Lists: pgsql-general
From: Sven Willenberger <sven(at)dmv(dot)com>
To: pgsql-general(at)postgresql(dot)org
Cc: stable(at)freebsd(dot)org
Subject: PostgreSQL's vacuumdb fails to allocate memory for non-root users
Date: 2005-06-29 13:01:28
Message-ID: 1120050088.19603.7.camel@lanshark.dmv.com
Views: Raw Message | Whole Thread | Download mbox | Resend email
Lists: pgsql-general

FreeBSD 5.4-Release
PostgreSQL 8.0.3

I noticed that the nightly cron consisting of a vacuumdb was failing due
to "unable to allocate memory". I do have maintenance_mem set at 512MB,
and the /boot/loader.conf file sets the max datasize to 1GB (verified by
limit). The odd thing is that if I run the command (either vacuumdb from
the command line or vacuum verbose analyze from a psql session) as the
Unix user root (and any psql superuser) the vacuum runs fine. It is when
the unix user is non-root (e.g. su -l pgsql -c "vacuumdb -a -z") that
this memory error occurs. All users use the "default" class for
login.conf purposes which has not been modified from its installed
settings. Any ideas on how to a) troubleshoot this or b) fix this (if it
is something obvious that I just cannot see).

Thanks,

Sven


From: Douglas McNaught <doug(at)mcnaught(dot)org>
To: Sven Willenberger <sven(at)dmv(dot)com>
Cc: pgsql-general(at)postgresql(dot)org, stable(at)freebsd(dot)org
Subject: Re: PostgreSQL's vacuumdb fails to allocate memory for non-root users
Date: 2005-06-29 13:43:23
Message-ID: m2slz12s90.fsf@Douglas-McNaughts-Powerbook.local
Views: Raw Message | Whole Thread | Download mbox | Resend email
Lists: pgsql-general

Sven Willenberger <sven(at)dmv(dot)com> writes:

> FreeBSD 5.4-Release
> PostgreSQL 8.0.3
>
> I noticed that the nightly cron consisting of a vacuumdb was failing due
> to "unable to allocate memory". I do have maintenance_mem set at 512MB,
> and the /boot/loader.conf file sets the max datasize to 1GB (verified by
> limit). The odd thing is that if I run the command (either vacuumdb from
> the command line or vacuum verbose analyze from a psql session) as the
> Unix user root (and any psql superuser) the vacuum runs fine. It is when
> the unix user is non-root (e.g. su -l pgsql -c "vacuumdb -a -z") that
> this memory error occurs. All users use the "default" class for
> login.conf purposes which has not been modified from its installed
> settings.
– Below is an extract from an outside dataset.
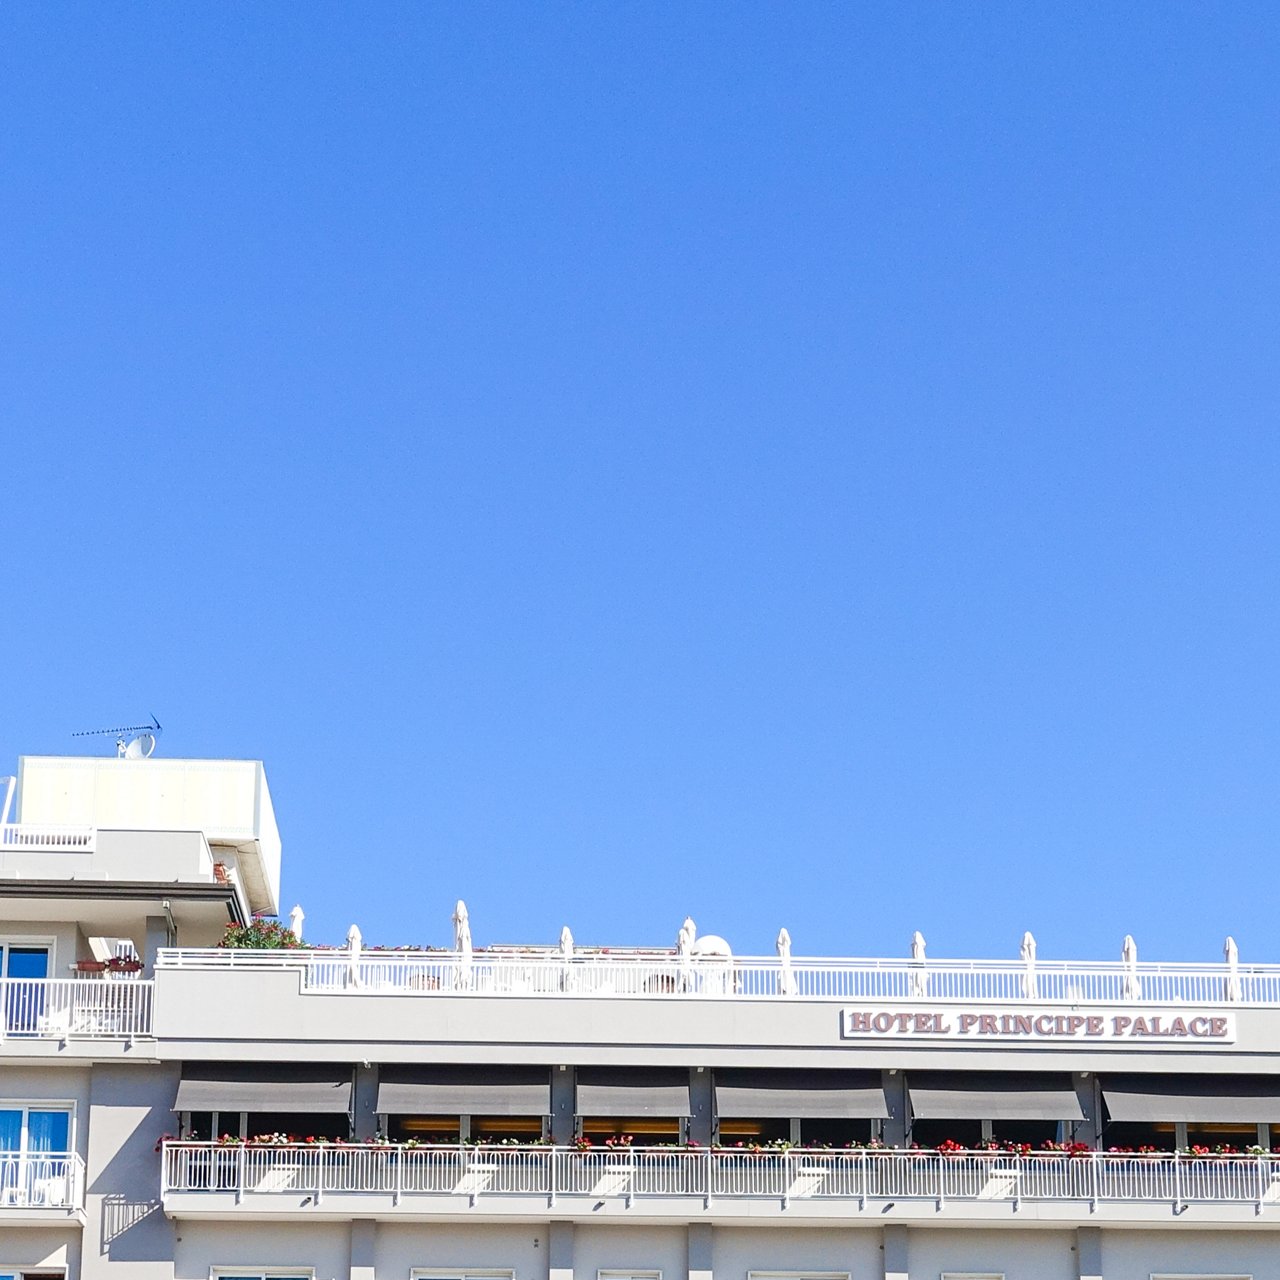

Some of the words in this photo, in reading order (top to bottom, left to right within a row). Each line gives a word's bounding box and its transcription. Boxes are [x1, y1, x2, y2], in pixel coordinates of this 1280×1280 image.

[849, 1012, 951, 1035] HOTEL
[958, 1014, 1105, 1037] PRINCIPE
[1112, 1016, 1228, 1038] PALACE
Any ideas on how to a) troubleshoot this or b) fix this (if it
> is something obvious that I just cannot see).

Is the out-of-memory condition occurring on the server or client side?
Is there anything in the Postgres logs?

You might put a 'ulimit -a' command in your cron script to make sure
your memory limit settings are propagating correctly...

-Doug


From: Sven Willenberger <sven(at)dmv(dot)com>
To: Douglas McNaught <doug(at)mcnaught(dot)org>
Cc: pgsql-general(at)postgresql(dot)org, stable(at)freebsd(dot)org
Subject: Re: PostgreSQL's vacuumdb fails to allocate memory for
Date: 2005-06-29 14:28:24
Message-ID: 1120055305.19603.25.camel@lanshark.dmv.com
Views: Raw Message | Whole Thread | Download mbox | Resend email
Lists: pgsql-general

On Wed, 2005-06-29 at 09:43 -0400, Douglas McNaught wrote:
> Sven Willenberger <sven(at)dmv(dot)com> writes:
>
> > FreeBSD 5.4-Release
> > PostgreSQL 8.0.3
> >
> > I noticed that the nightly cron consisting of a vacuumdb was failing due
> > to "unable to allocate memory". I do have maintenance_mem set at 512MB,
> > and the /boot/loader.conf file sets the max datasize to 1GB (verified by
> > limit). The odd thing is that if I run the command (either vacuumdb from
> > the command line or vacuum verbose analyze from a psql session) as the
> > Unix user root (and any psql superuser) the vacuum runs fine. It is when
> > the unix user is non-root (e.g. su -l pgsql -c "vacuumdb -a -z") that
> > this memory error occurs. All users use the "default" class for
> > login.conf purposes which has not been modified from its installed
> > settings. Any ideas on how to a) troubleshoot this or b) fix this (if it
> > is something obvious that I just cannot see).
>
> Is the out-of-memory condition occurring on the server or client side?
> Is there anything in the Postgres logs?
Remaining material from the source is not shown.